Les grands barons impériaux se transforment en princes quasi indépendants. Ils représentent la centralisation locale et provinciale au sein d’un Empire morcelé. L’empereur n’incarne plus l’État mais devient un simple prince d’Empire parmi d’autres. Ensuite, les armées de mercenaires et la bureaucratie fastueuse deviennent coûteuses. Le besoin d’argent devient plus important que l’expansion commerciale. Les princes renforcent leurs surprofits et exploitent davantage les paysans. Cependant, la population accepte de courber le dos.

La révolte ne s’explique pas uniquement par des causes économiques mais comprend également une dimension subjective. « A l’encontre des événements économiques ou en parallélisme avec eux, on voit toujours agir, non seulement de libres décisions volontaires, mais aussi des structures spirituelles d’une importance absolument universelle et auxquelles on ne peut dénier une réalité au moins sociologique », observe Ernst Bloch.

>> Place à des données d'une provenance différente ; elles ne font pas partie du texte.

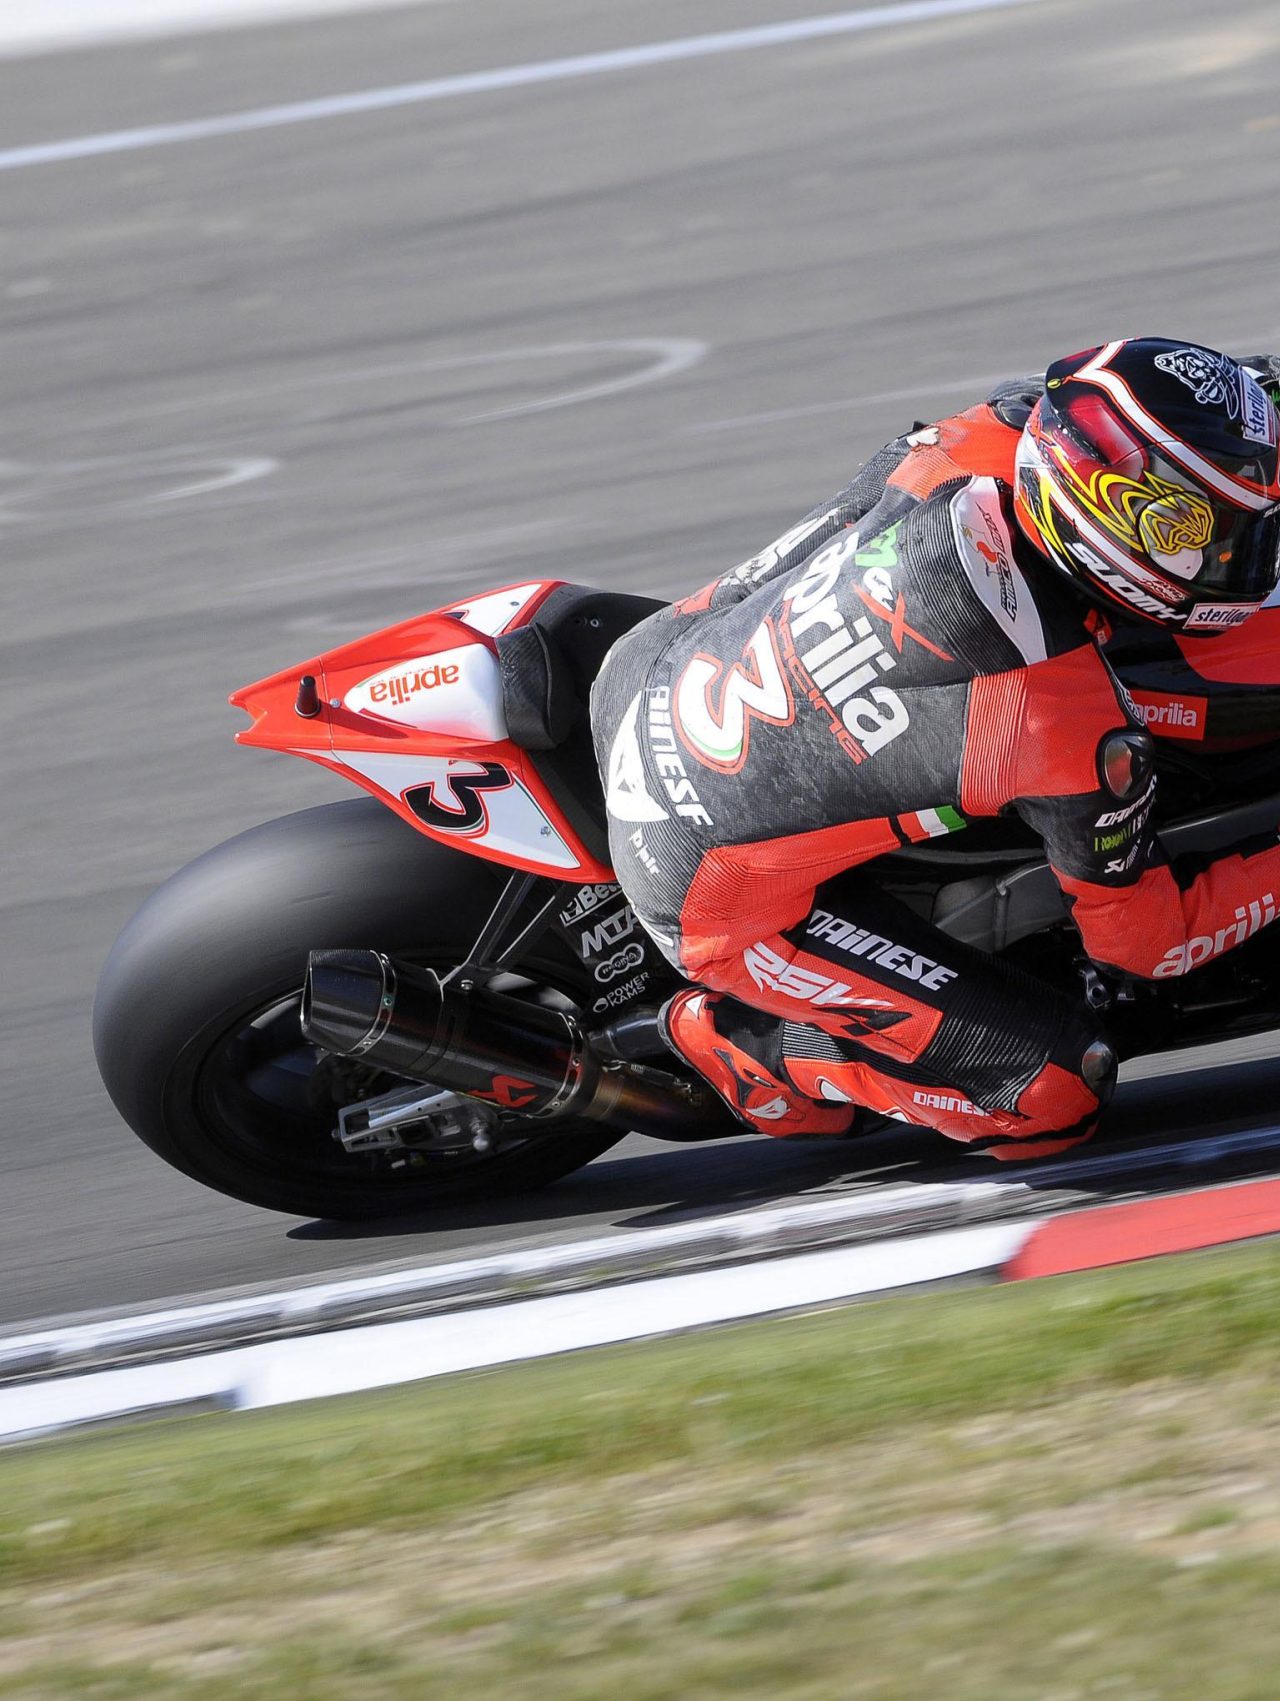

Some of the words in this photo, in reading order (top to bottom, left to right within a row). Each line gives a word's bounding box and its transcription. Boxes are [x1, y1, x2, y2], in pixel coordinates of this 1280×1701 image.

Les révoltes du XVe siècle semblent également influencées par l’Anabaptisme et par les utopies millénaristes. Les paysans se considèrent comme des humbles dont la condition semble similaire à celle des disciples du Christ. Surtout, l’anabaptisme porte également le projet d’une mise en commun des terres. Cette perspective annonce le courant des Niveleurs, dans la Révolution anglaise de 1648, qui propose une complète égalité politique.

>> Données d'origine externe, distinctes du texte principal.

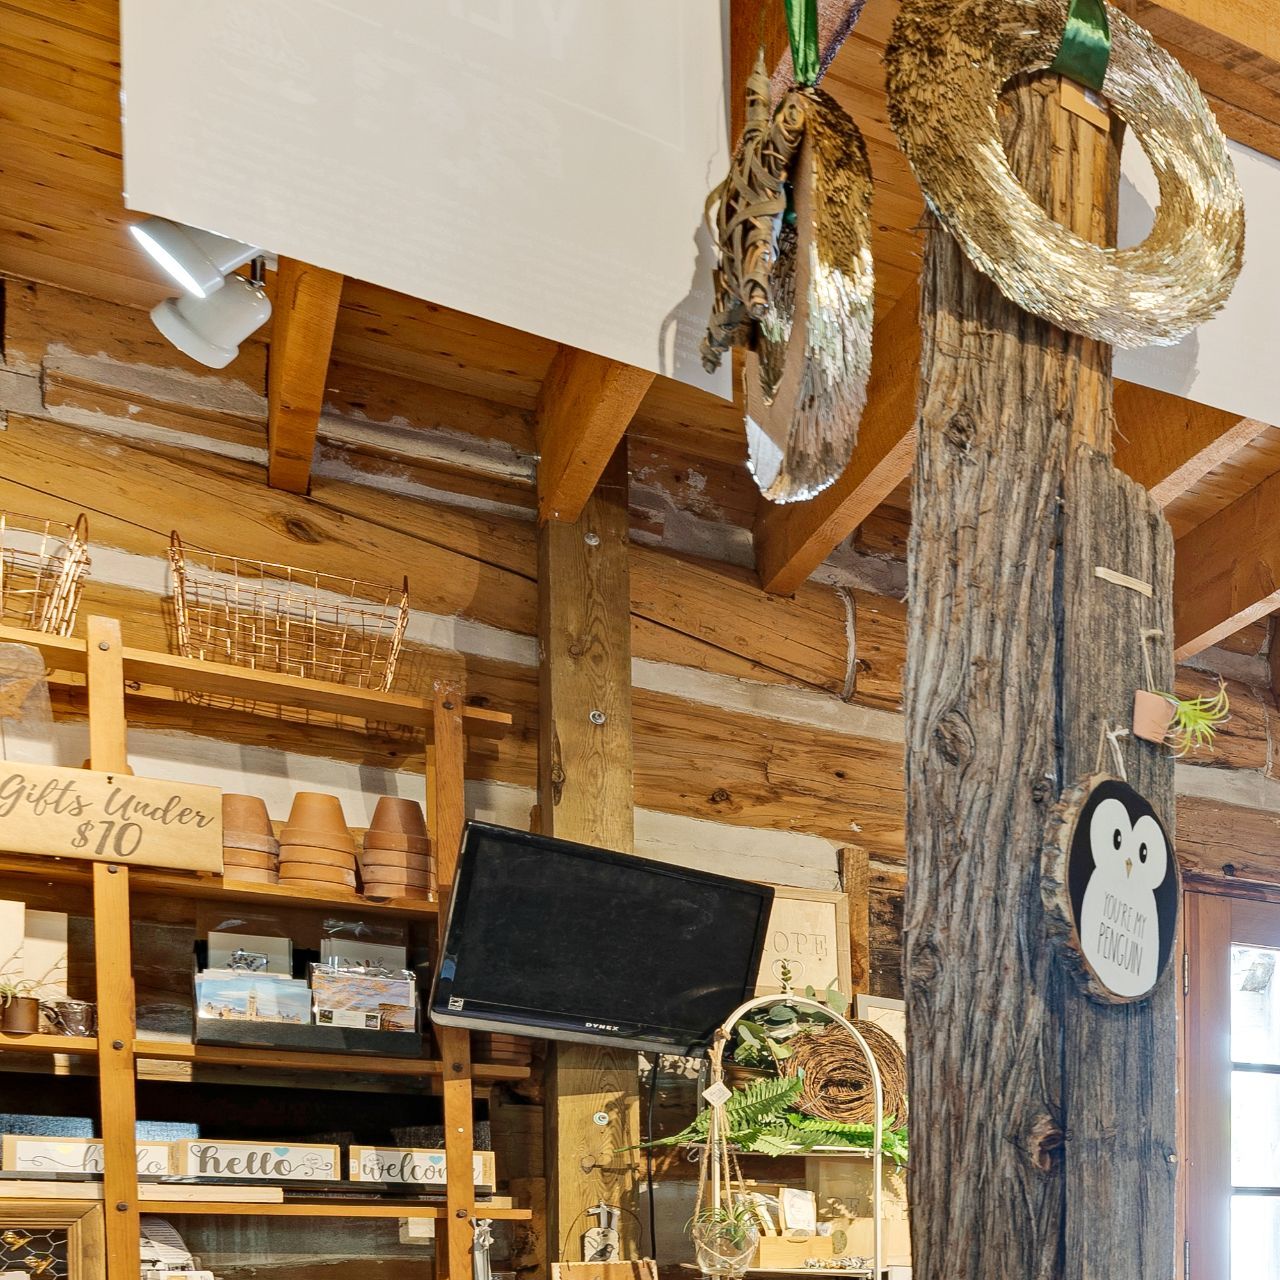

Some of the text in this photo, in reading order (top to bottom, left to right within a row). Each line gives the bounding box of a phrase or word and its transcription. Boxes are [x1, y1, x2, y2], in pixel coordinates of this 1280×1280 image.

Cette révolte des paysans est incarnée par la personnalité de Thomas Münzer. Le dirigeant social-démocrate Karl Kautsky insiste sur son enthousiasme mystique et sur sa force d’action révolutionnaire. Même si Thomas Münzer ne se distingue pas par ses talents d’organisateur. Mais il parvient à relier la théologie et le projet révolutionnaire. « Dans son idée de la révolution, prolétariat et millénarisme, dressés comme les deux cariatides du royaume communiste, constituaient un mélange qui n’était pas inoffensif », souligne Ernst Bloch.

         

Théologie révolutionnaire

L’Église devient progressivement une institution. Le clergé joue un rôle central dans l’empire carolingien. Néanmoins, l’Église apparaît également comme une communauté de croyants avec une force éducative et une vertu d’unification. « Cette réalité est encore très proche dans les grandes utopies sociales de la vie meilleure, par exemple chez Saint-Simon où elle apparaît avec une parfaite clarté, mais en même temps sur le mode le plus décevant », estime Ernst Bloch. Les utopies socialistes évoquent la communauté égalitaire des premiers chrétiens. Les militants socialistes prétendent également éduquer les masses pour les guider vers un monde meilleur, à l’image des prêtres et des religieux.

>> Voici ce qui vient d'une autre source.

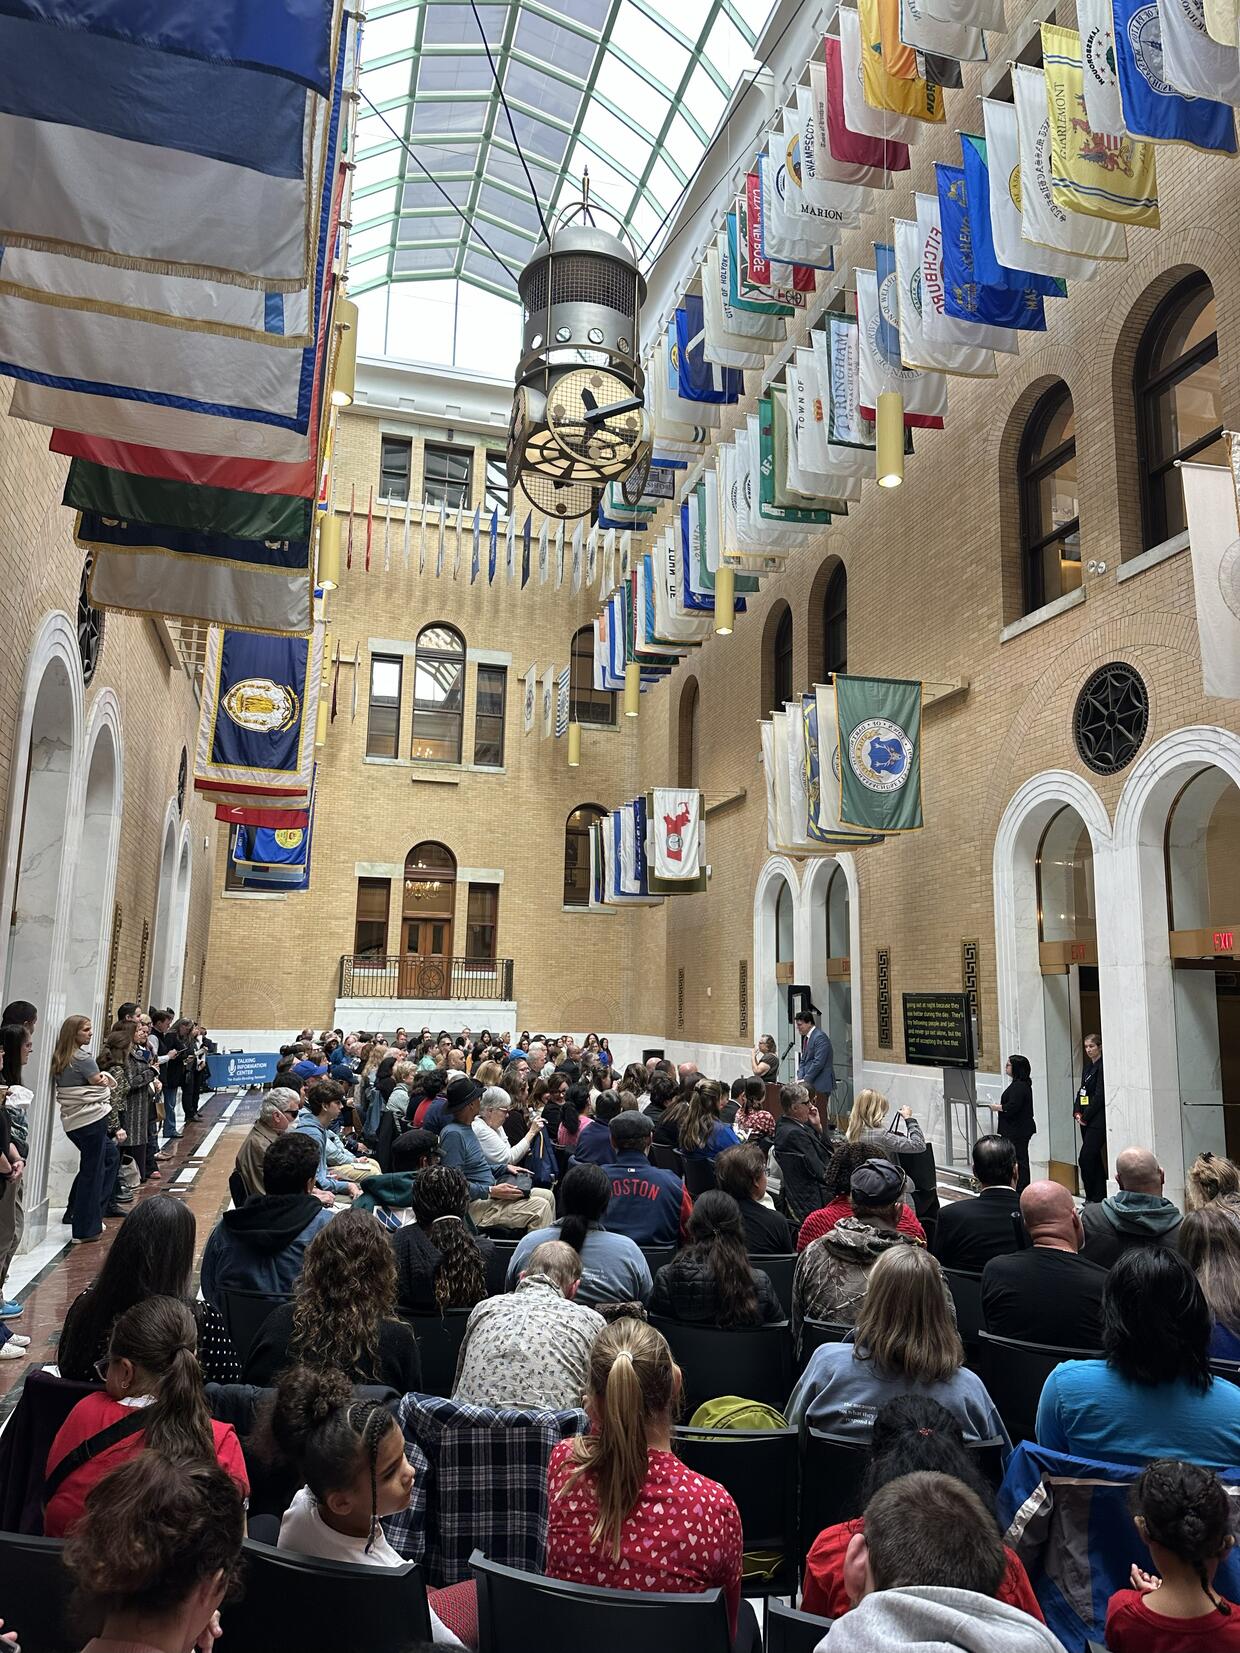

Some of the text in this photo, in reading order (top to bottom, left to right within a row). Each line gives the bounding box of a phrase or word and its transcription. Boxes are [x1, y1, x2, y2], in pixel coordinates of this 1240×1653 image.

[801, 204, 843, 221] MARION
[721, 286, 728, 297] OF
[797, 380, 805, 392] OF
[834, 331, 850, 433] TYRINGHAM
[1213, 932, 1234, 952] EXIT
[612, 1178, 660, 1201] OSTON

Le protestantisme entend reprendre le radicalisme des premiers Chrétiens. Cependant, cette exigence éthique devient vide de sens. Le communisme de l’amour et le droit naturel absolu disparaissent pour réduire la religion à la rigueur morale. « Le radicalisme va se "légaliser" dans cette éthique professionnelle de type petit-bourgeois qui est commune à tous les Protestants », ironise Ernst Bloch.

Luther prêche l’ascétisme et la vie simple pour mieux faire accepter leur misère aux paysans. Le culte du travail, de la souffrance et du sacrifice permet de se soumettre à l’exploitation. Au contraire, Thomas Münzer dénonce la souffrance du travail et attaque directement la domination de classe des grands seigneurs. « Tant que ces gens seront vos maîtres, on ne peut pas vous parler de Dieu », lance Thomas Münzer aux mineurs. La libération intérieure de la religion passe par la libération extérieure contre le système d’exploitation.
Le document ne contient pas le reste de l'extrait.